═══ PROVIDED ENTRIES ═══

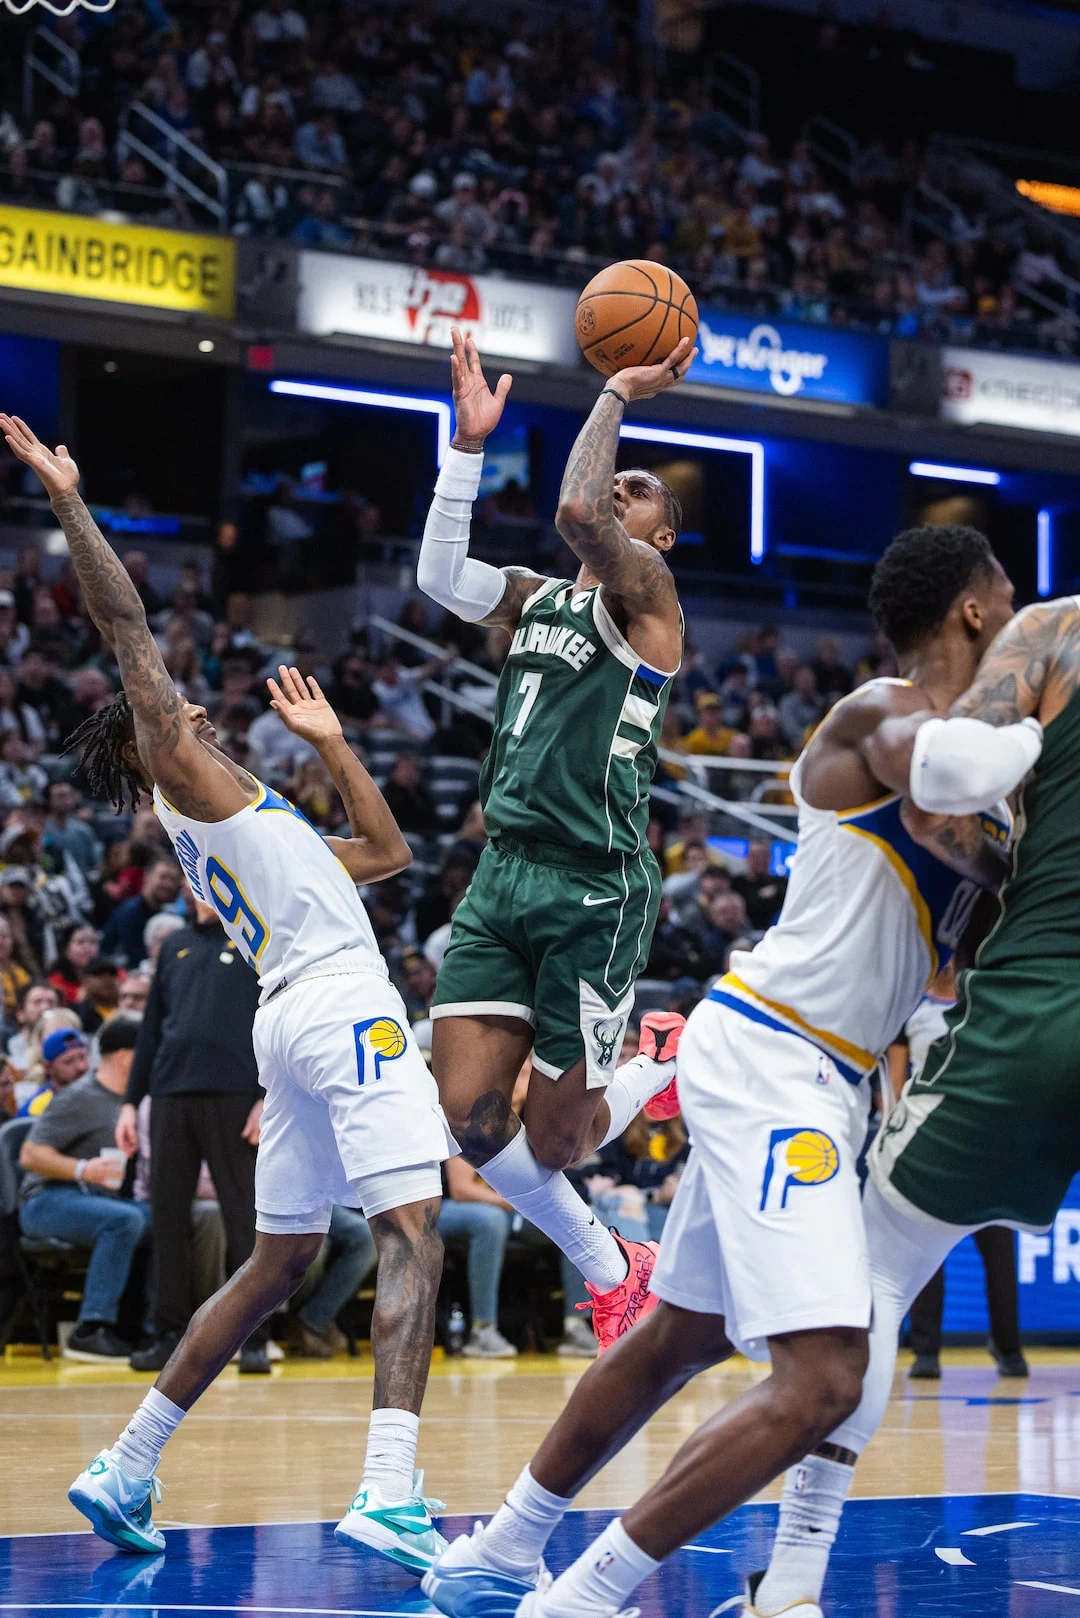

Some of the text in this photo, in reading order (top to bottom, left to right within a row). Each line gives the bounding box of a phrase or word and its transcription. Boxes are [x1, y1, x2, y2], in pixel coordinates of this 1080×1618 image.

[0, 224, 221, 299] GAINBRIDGE
[736, 324, 828, 396] Kroger
[512, 672, 543, 736] 7
[205, 854, 271, 978] 9

═══

● PROBLEM
Without including any pictures, print each record exactly.

● ANSWER BOX
Some of the text in this photo, in reading order (top to bottom, left to right within a row). Each line gives the bounding box of a phrase or word and its transcription. Boxes are [x1, y1, x2, y2], in pixel coordinates of this 1080×1618 image.

[0, 224, 221, 299] GAINBRIDGE
[736, 324, 828, 396] Kroger
[512, 672, 543, 736] 7
[205, 854, 271, 978] 9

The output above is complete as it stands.